Output the data word for word, dropping every image.
*** Opening Data records ***
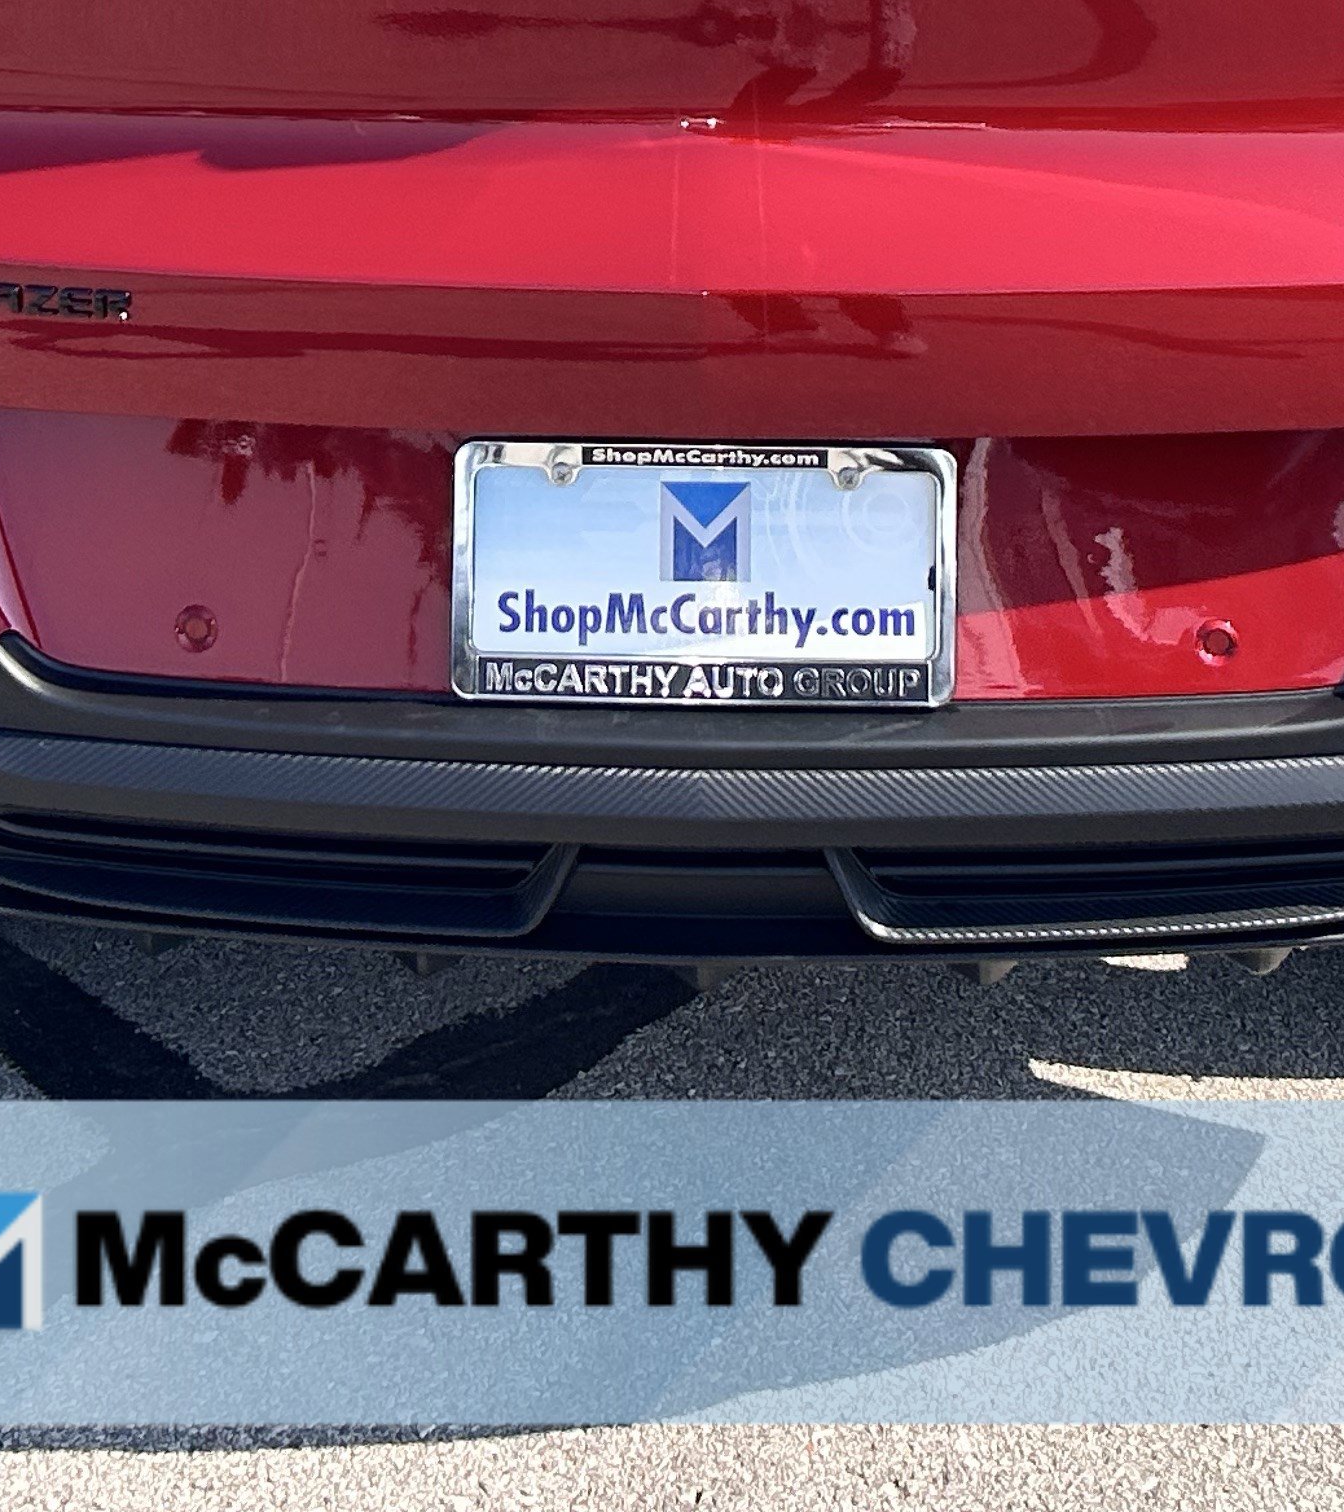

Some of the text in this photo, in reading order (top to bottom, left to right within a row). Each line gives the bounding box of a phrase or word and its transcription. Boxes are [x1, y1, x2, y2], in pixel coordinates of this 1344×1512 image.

[592, 447, 820, 467] ShopMcCarthy.com
[497, 589, 916, 648] ShopMcCarthy.com
[485, 662, 921, 698] McCARTHY AUTO GROUP
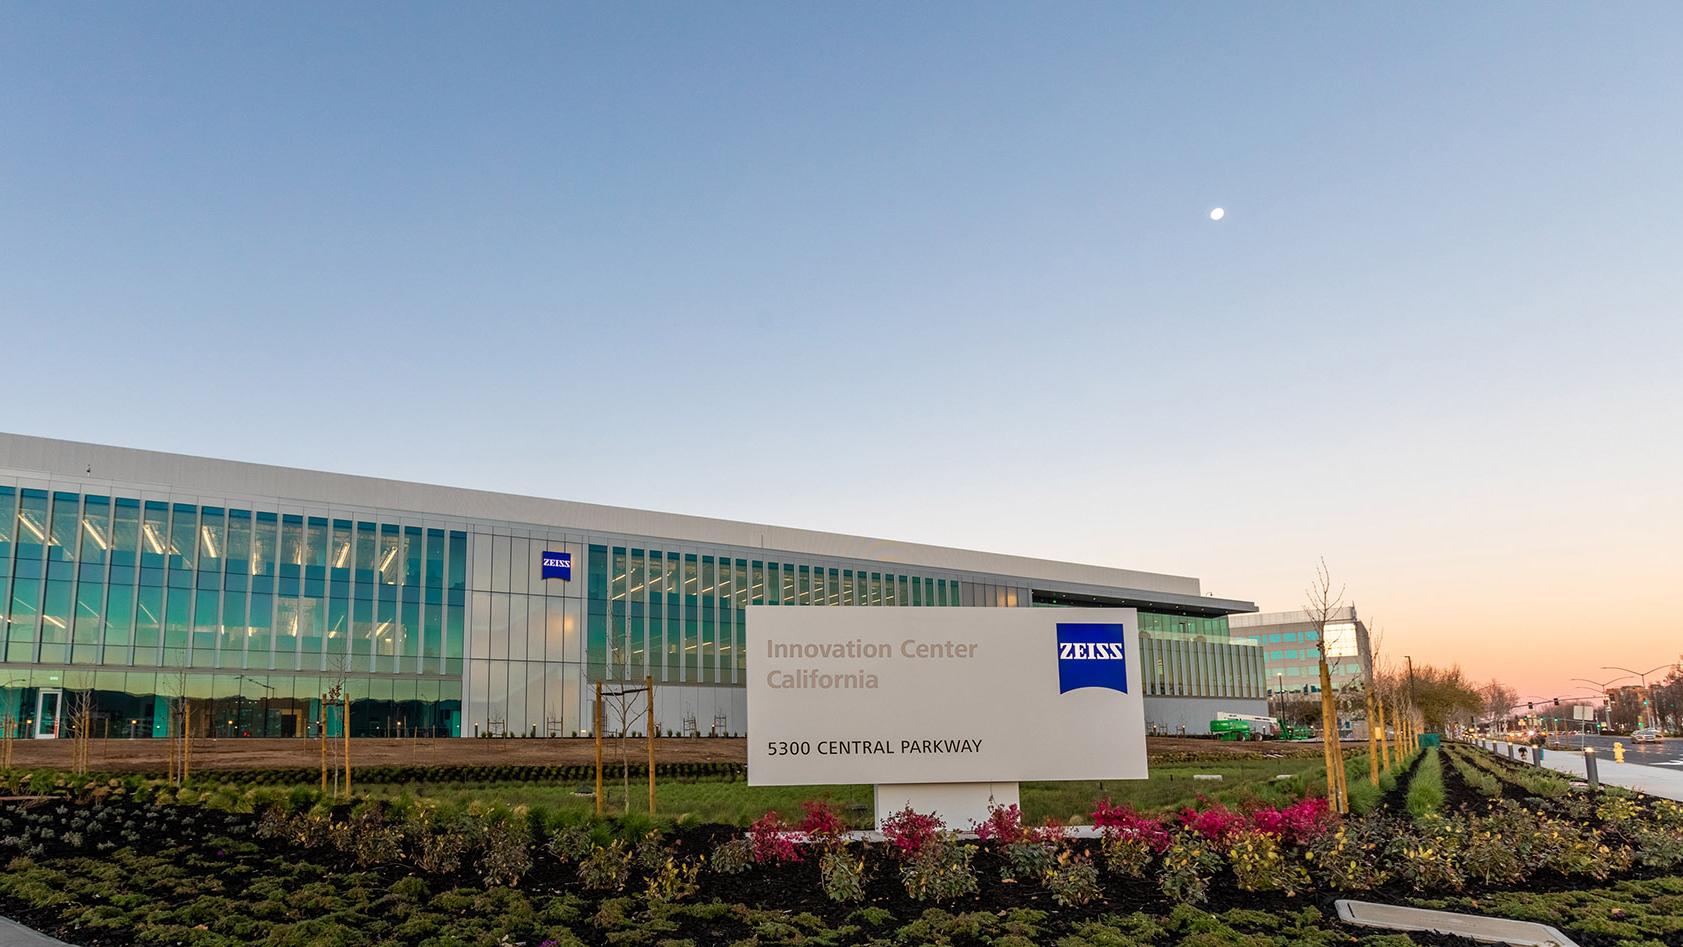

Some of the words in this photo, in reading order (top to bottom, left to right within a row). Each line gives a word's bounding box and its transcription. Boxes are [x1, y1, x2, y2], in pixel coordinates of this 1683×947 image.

[543, 558, 571, 568] ZEISS
[767, 638, 891, 659] Innovation
[901, 639, 979, 659] Center
[1059, 642, 1124, 661] ZEISS
[766, 668, 879, 690] California
[768, 741, 811, 756] 5300
[817, 740, 895, 755] CENTRAL
[901, 738, 983, 754] PARKWAY
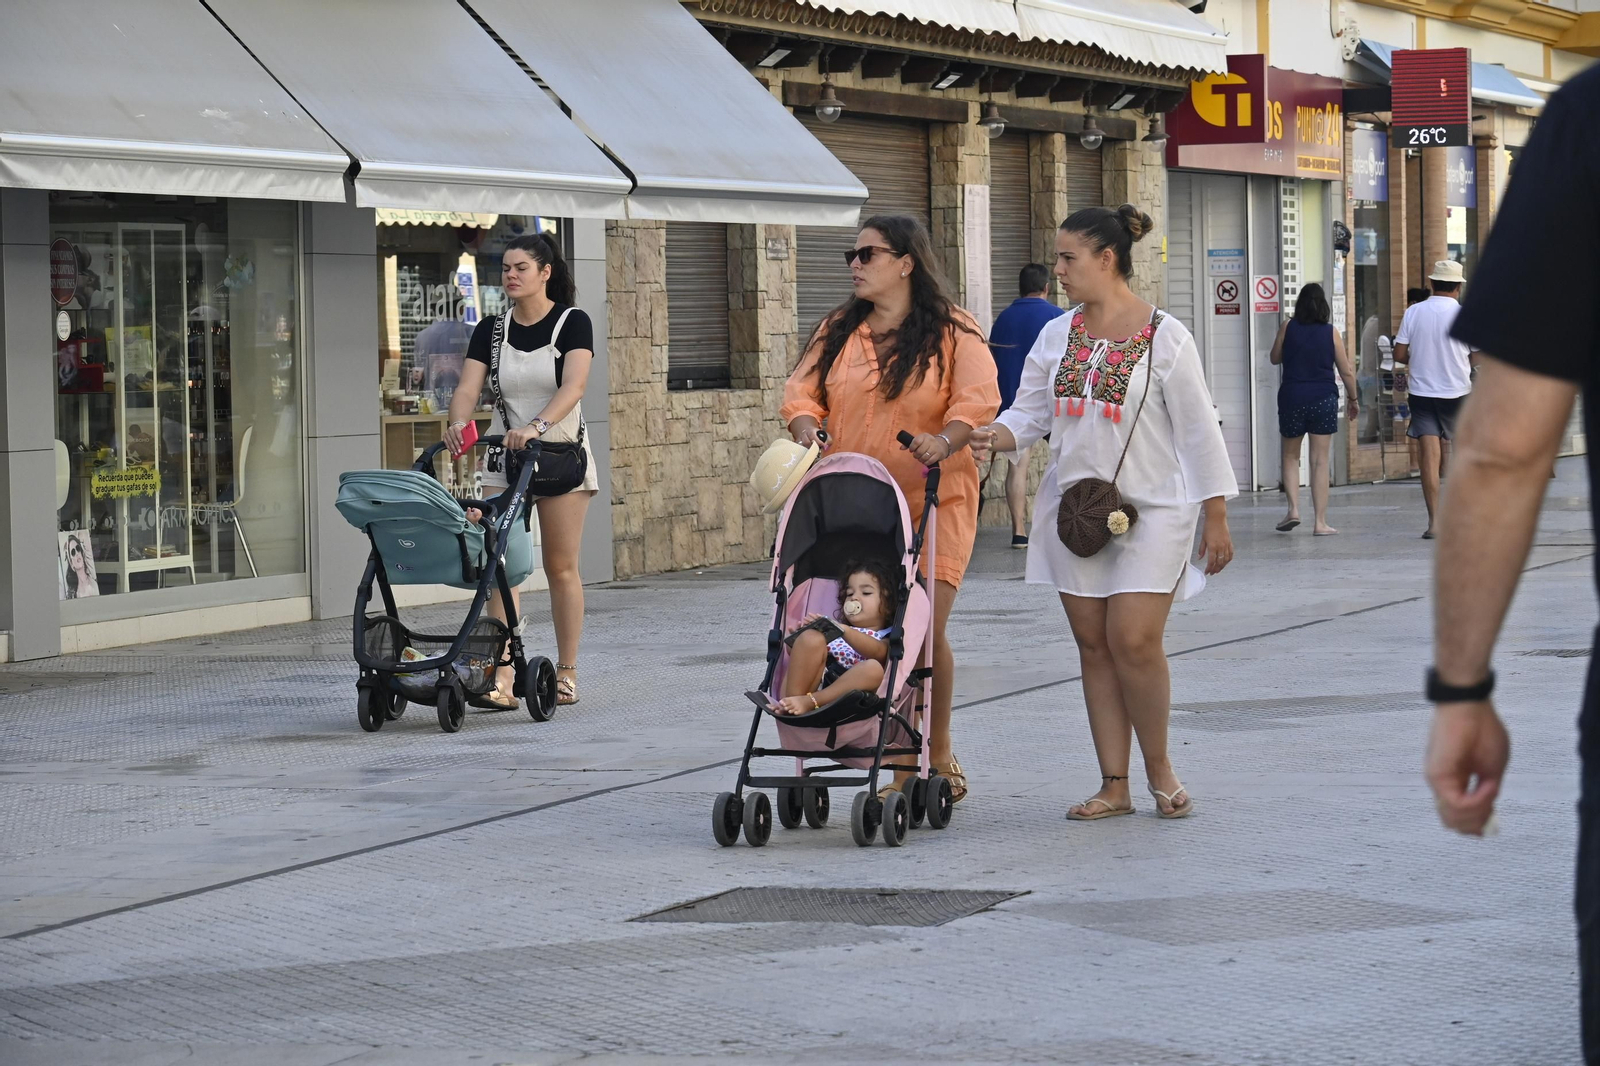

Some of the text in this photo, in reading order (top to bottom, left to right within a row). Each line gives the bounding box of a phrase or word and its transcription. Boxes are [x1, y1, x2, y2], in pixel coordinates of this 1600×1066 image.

[1326, 102, 1340, 147] 24
[492, 341, 501, 369] BIMBA
[95, 484, 116, 494] graduar
[126, 483, 141, 493] gafas
[149, 482, 157, 490] sol
[98, 473, 154, 482] Recuerda que puedes
[500, 519, 510, 529] be
[505, 504, 516, 519] cool
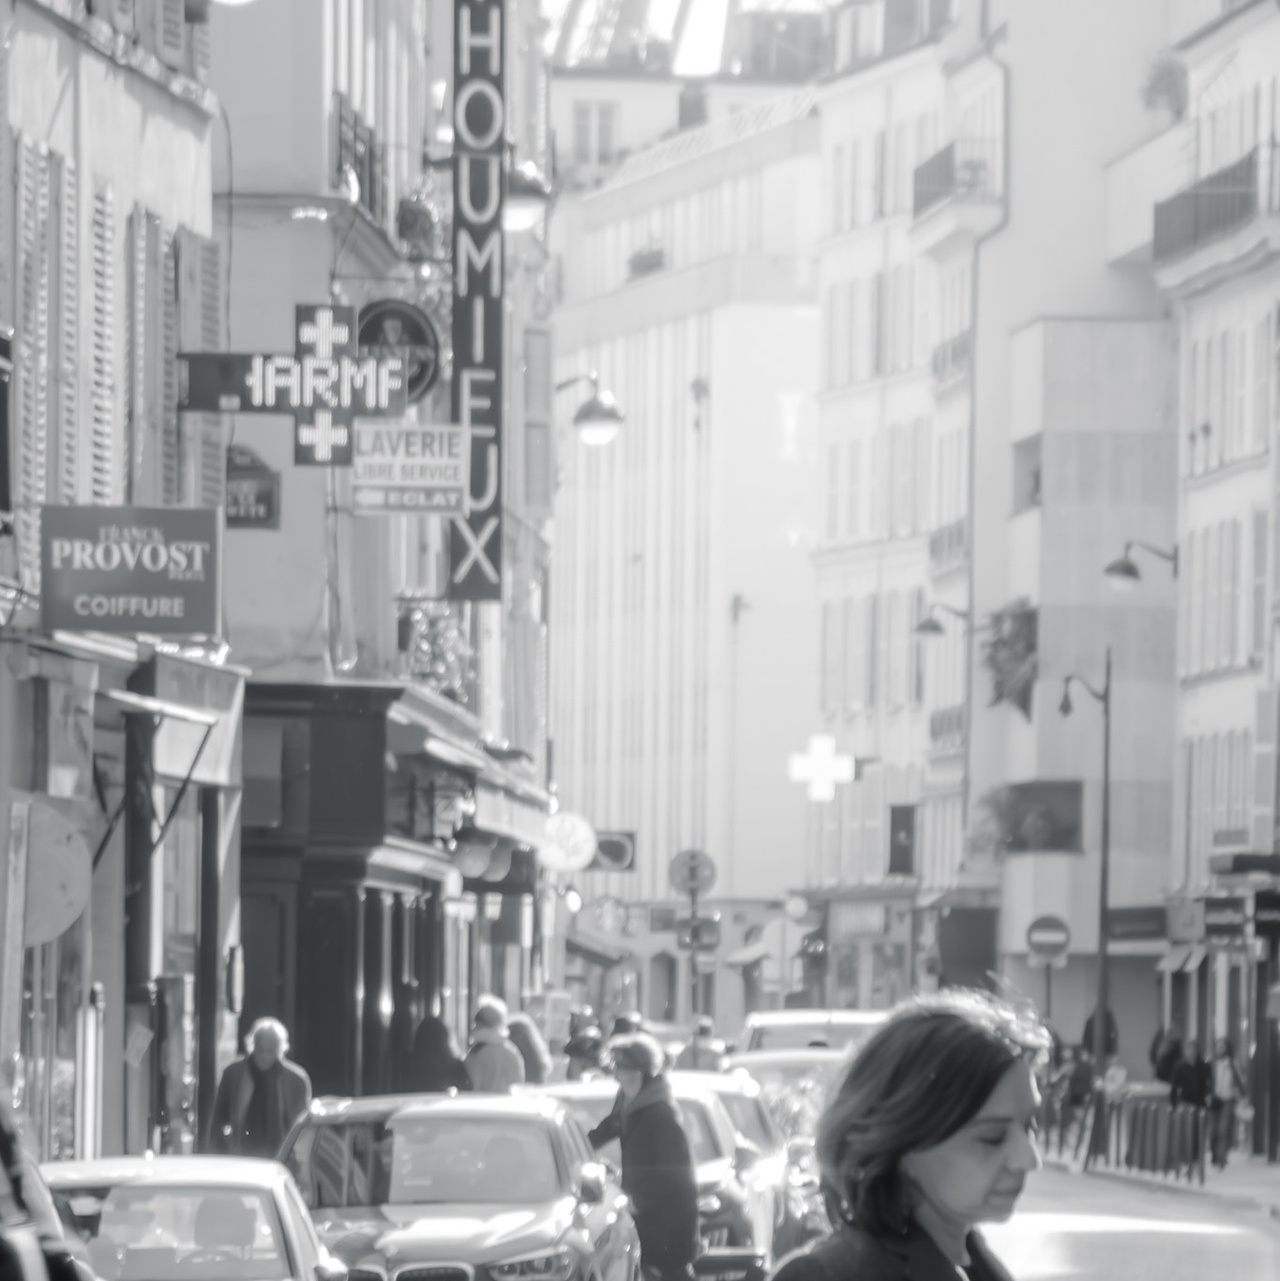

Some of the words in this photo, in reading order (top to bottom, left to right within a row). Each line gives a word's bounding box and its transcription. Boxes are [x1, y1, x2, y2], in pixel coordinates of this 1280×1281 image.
*** Closing Data records ***
§ Your response
Some of the text in this photo, in reading order (top to bottom, left to right within a row). Each line gives the bounding box of a phrase or word and its transcription. Boxes are [x1, y1, x2, y2], in pixel coordinates of this 1344×1512 image.

[592, 447, 820, 467] ShopMcCarthy.com
[497, 589, 916, 648] ShopMcCarthy.com
[485, 662, 921, 698] McCARTHY AUTO GROUP

Some of the words in this photo, in reading order (top to bottom, left to right within a row). Each line gives a word's bounding box and its transcription. Boxes are [x1, y1, x2, y2], in pixel coordinates of this 1683×947 image.

[543, 558, 571, 568] ZEISS
[767, 638, 891, 659] Innovation
[901, 639, 979, 659] Center
[1059, 642, 1124, 661] ZEISS
[766, 668, 879, 690] California
[768, 741, 811, 756] 5300
[817, 740, 895, 755] CENTRAL
[901, 738, 983, 754] PARKWAY

Some of the text in this photo, in reading order (top to bottom, left to right within a row). Each line gives the bounding box of a phrase or word and its transcription. Boxes are [x1, y1, x2, y2], in pixel coordinates of this 1600×1066 image.

[1326, 102, 1340, 147] 24
[492, 341, 501, 369] BIMBA
[95, 484, 116, 494] graduar
[126, 483, 141, 493] gafas
[149, 482, 157, 490] sol
[98, 473, 154, 482] Recuerda que puedes
[500, 519, 510, 529] be
[505, 504, 516, 519] cool

Some of the words in this photo, in reading order (top to bottom, left to right within a row). Each line gives a word's bounding box and its transcription. Boxes are [x1, y1, x2, y2], in pixel coordinates of this 1280×1281 image.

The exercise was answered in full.